EXTRACTED INFORMATION
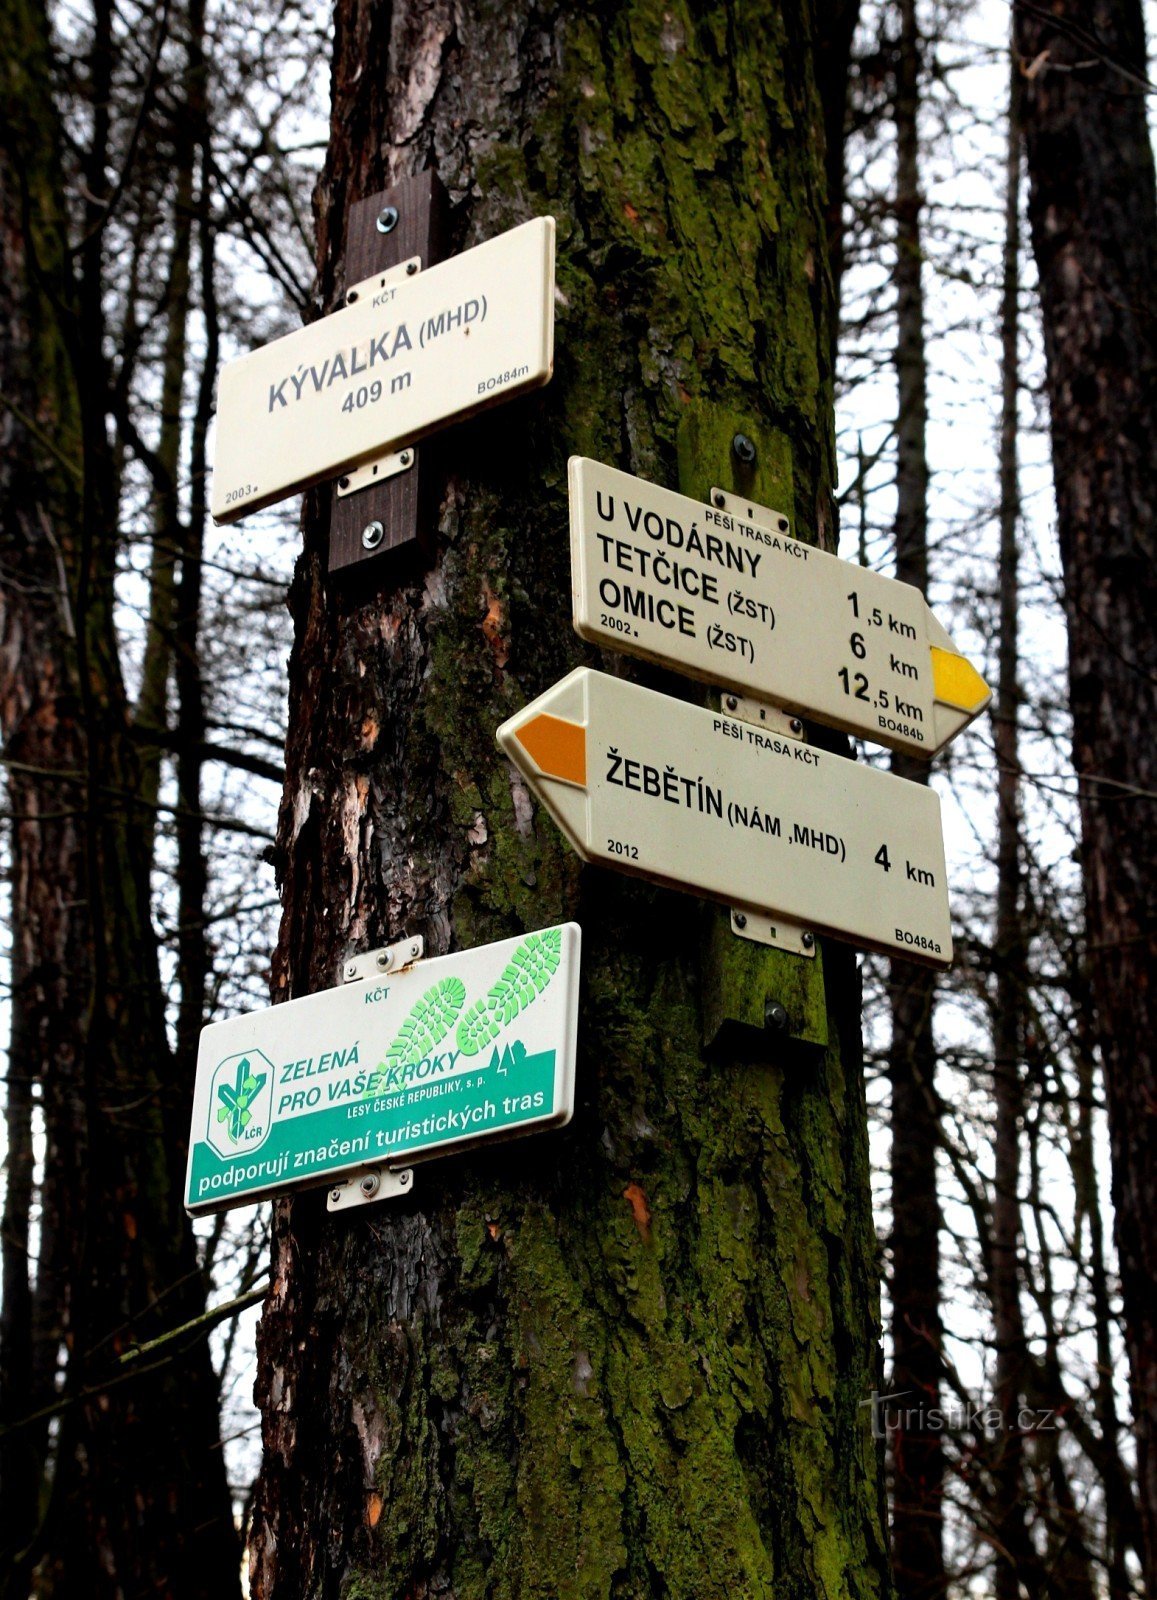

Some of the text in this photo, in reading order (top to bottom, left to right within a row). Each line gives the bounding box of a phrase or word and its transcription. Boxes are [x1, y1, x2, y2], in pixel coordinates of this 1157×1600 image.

[372, 288, 397, 309] KČT
[268, 295, 487, 412] KÝVALKA (MHD)
[341, 372, 412, 413] 409 m
[705, 510, 809, 560] PĚŠÍ TRASA KČT
[596, 491, 615, 522] U
[624, 502, 761, 578] VODÁRNY
[889, 613, 916, 640] km
[597, 533, 918, 680] TETČICE (ŽST) 6 km
[599, 578, 696, 637] OMICE
[707, 624, 755, 664] (ŽST)
[895, 695, 923, 722] km
[713, 719, 820, 767] PĚŠÍ TRASA KČT
[878, 715, 924, 741] BO484b
[606, 747, 724, 819] ŽEBĚTÍN
[874, 844, 891, 872] 4
[906, 860, 935, 887] km
[607, 839, 639, 860] 2012
[895, 928, 941, 954] BO484a
[365, 986, 391, 1005] KČT
[278, 1049, 462, 1115] PRO VAŠE KROKY
[279, 1041, 360, 1084] ZELENÁ
[347, 1076, 486, 1119] LESY ČESKÉ REPUBLIKY, s. p.
[199, 1091, 544, 1196] podporují značení turistických tras
[244, 1125, 262, 1140] LČR

WHAT NEEDS TO BE DONE
The output is the data above, repeated exactly, with pictures omitted.

RESULT BELOW
Some of the text in this photo, in reading order (top to bottom, left to right within a row). Each line gives the bounding box of a phrase or word and its transcription. Boxes are [x1, y1, x2, y2], in pixel coordinates of this 1157×1600 image.

[372, 288, 397, 309] KČT
[268, 295, 487, 412] KÝVALKA (MHD)
[341, 372, 412, 413] 409 m
[705, 510, 809, 560] PĚŠÍ TRASA KČT
[596, 491, 615, 522] U
[624, 502, 761, 578] VODÁRNY
[889, 613, 916, 640] km
[597, 533, 918, 680] TETČICE (ŽST) 6 km
[599, 578, 696, 637] OMICE
[707, 624, 755, 664] (ŽST)
[895, 695, 923, 722] km
[713, 719, 820, 767] PĚŠÍ TRASA KČT
[878, 715, 924, 741] BO484b
[606, 747, 724, 819] ŽEBĚTÍN
[874, 844, 891, 872] 4
[906, 860, 935, 887] km
[607, 839, 639, 860] 2012
[895, 928, 941, 954] BO484a
[365, 986, 391, 1005] KČT
[278, 1049, 462, 1115] PRO VAŠE KROKY
[279, 1041, 360, 1084] ZELENÁ
[347, 1076, 486, 1119] LESY ČESKÉ REPUBLIKY, s. p.
[199, 1091, 544, 1196] podporují značení turistických tras
[244, 1125, 262, 1140] LČR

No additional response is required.